Mentre il gruppo si avvicina alla missione, un frate corpulento si fa avanti e invita tutti a entrare per un caffè. È una visita come tante, un po' cerimoniosa e un po' noiosa, ma prenderà ben altra piega.

Fra' Diego, così si chiama il cappuccino, fa accomodare gli ospiti, poi chiede loro permesso e si allontana, lasciandoli da soli nel salone dove c'è un pianoforte, e sul pianoforte una catasta di spartiti.

Mário de Andrade va verso lo strumento e fruga a casaccio nella catasta. Comincia da un Tantum Ergo e da un Kirie manoscritti, poi scarta uno spartito dopo l'altro finché soddisfatto non trova "I Lombardi alla prima crociata", il valzer di Musette e una maxixe di Eduardo Souto.

Il gruppo si scatena, in attesa del ritorno di fra' Diego. Alcuni cantano, altri scelgono i pezzi da cantare. Mário de Andrade strimpella. Salta fuori di tutto, anche "Giovinezza", l'inno dei fascisti italiani. Il gruppo lo intona "caçoisticamente", e cioè a squarciagola, stonando di proposito.

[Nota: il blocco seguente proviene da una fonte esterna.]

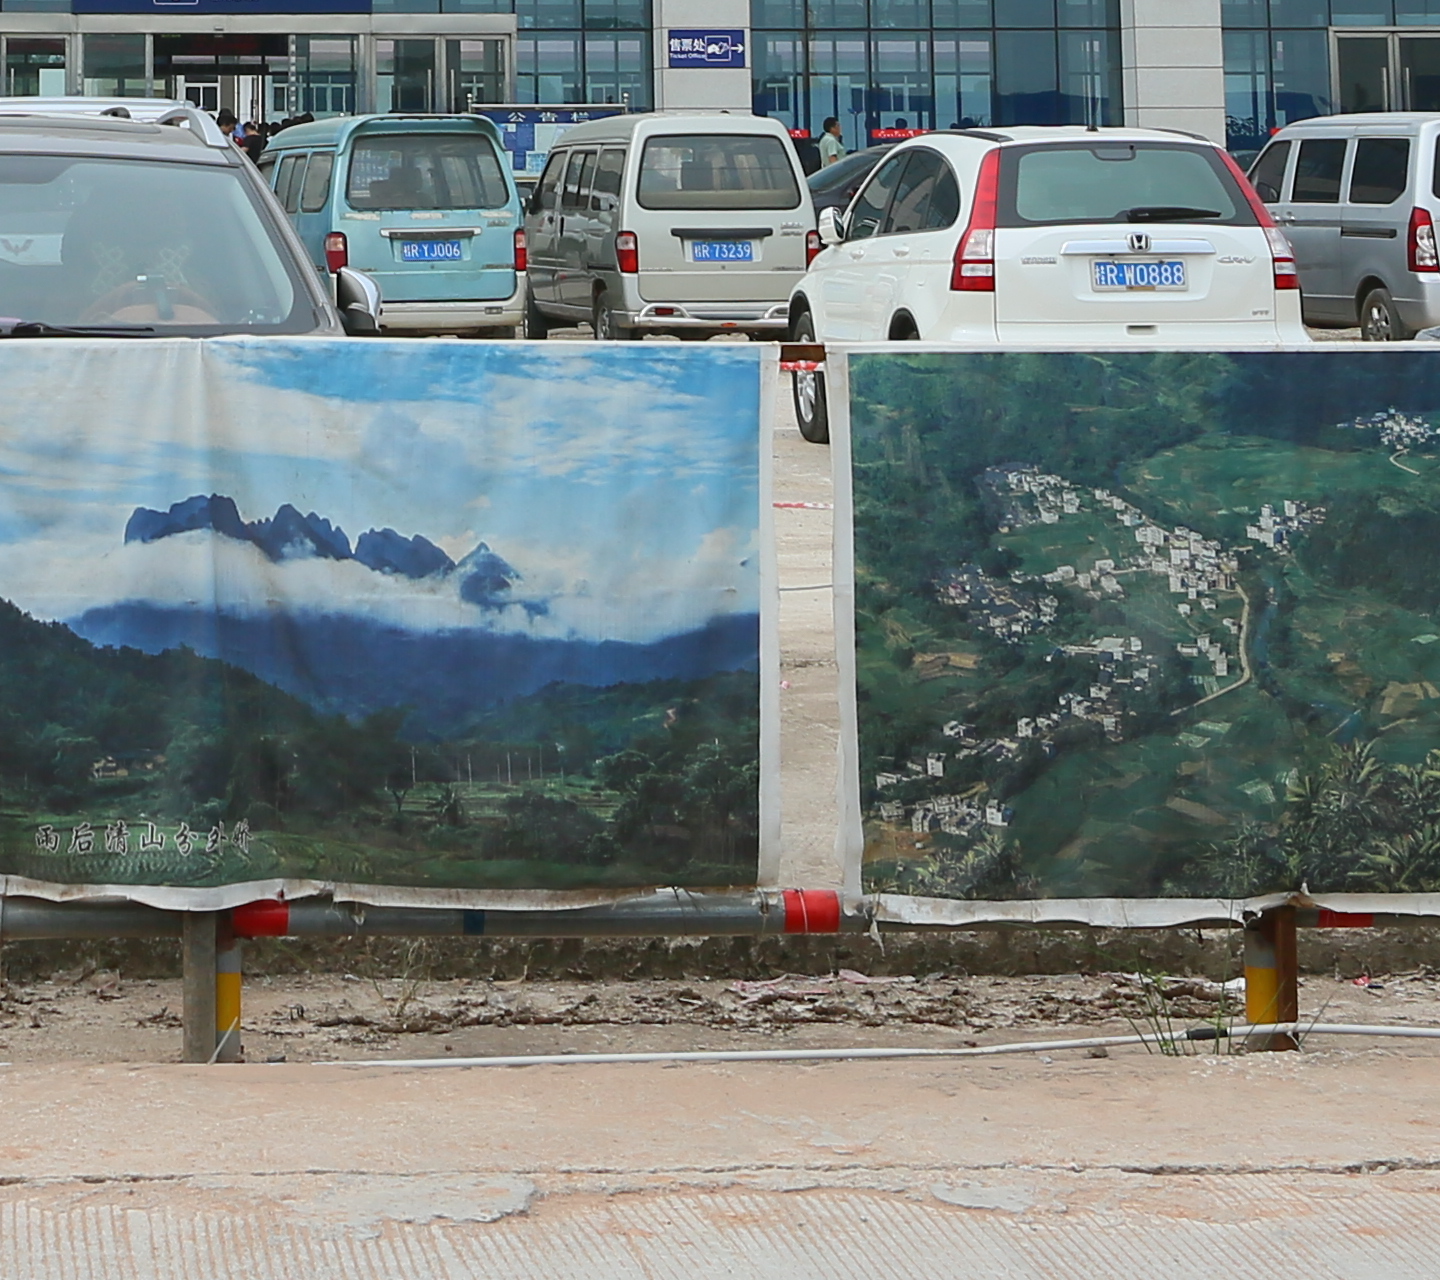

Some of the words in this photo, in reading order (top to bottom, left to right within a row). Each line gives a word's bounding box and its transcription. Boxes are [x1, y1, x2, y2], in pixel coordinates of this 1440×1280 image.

Fra' Diego torna dalla cucina, e rumoroso come tutti gli italiani si unisce al canto di "Giovinezza", mettendoci del suo. Poi si esibisce da solo in un coro del Nabucco non meglio precisato (certamente "Va pensiero"), accompagnato al piano da Mário de Andrade, che scriverà nel suo diario: "Voz admirável".

Arriva il caffè italiano, e con il caffè, rumorosamente, frate Antonino, l'altro religioso della missione. "Tra gli italiani tutto è rumoroso", commenta Mário de Andrade.

Fra' Diego invita frate Antonino a cantare. Lui non vorrebbe, perché, si schermisce, la sua è "voz de burro". E subito intona "Santa Lucia", con piglio baritonale da teatro all'aperto, sempre con Mário de Andrade al pianoforte.

La guida del gruppo, che è di Belém, si rivolge ai frati e commenta: "Vengono da San Paolo".

Fra' Diego reagisce: "Allora non sono brasiliani! I brasiliani siamo noi, dell'Amazzonia!" "E você", dice a Mário de Andrade, "você tem pronúncia própria de italiano".

Questi trasecola, decide di assecondarlo e si presenta, abusivamente, come figlio e nipote di italiani.

"Fascista?", chiede fra' Diego.

"Antifascista", risponde de Andrade.

Fra' Diego fa un salto di gioia. Va a frugare nel fascio di posta arrivata con il battello e tira fuori, sventolandola, "La Squilla", il giornale dei cappuccini di San Paolo.

Mário de Andrade, poco informato, scrive che era un giornale antifascista.

In realtà non lo era, ma allora tra gli italiani si diceva che chi veniva a San Paolo doveva visitare la redazione della "Squilla", altrimenti era come andare a Roma e non vedere il Vaticano.

"Siamo abbonati alla Squilla e allo Estado de São Paulo", spiega fra' Diego. Malizioso, Mário de Andrade coglie un che di solenne e rispettoso in quello "Estado" in bocca a un cappuccino.

I turisti si congedano, i frati li abbracciano con trasporto. Frate Antonino li accompagna al molo.

La visita è finita, il battello si allontana sul Solimões, la missione dei cappuccini di Tonantins torna quella di prima, profonda Amazzonia. Con i suoi frati rumorosi, il pianoforte un po' scordato e la catasta di spartiti italiani.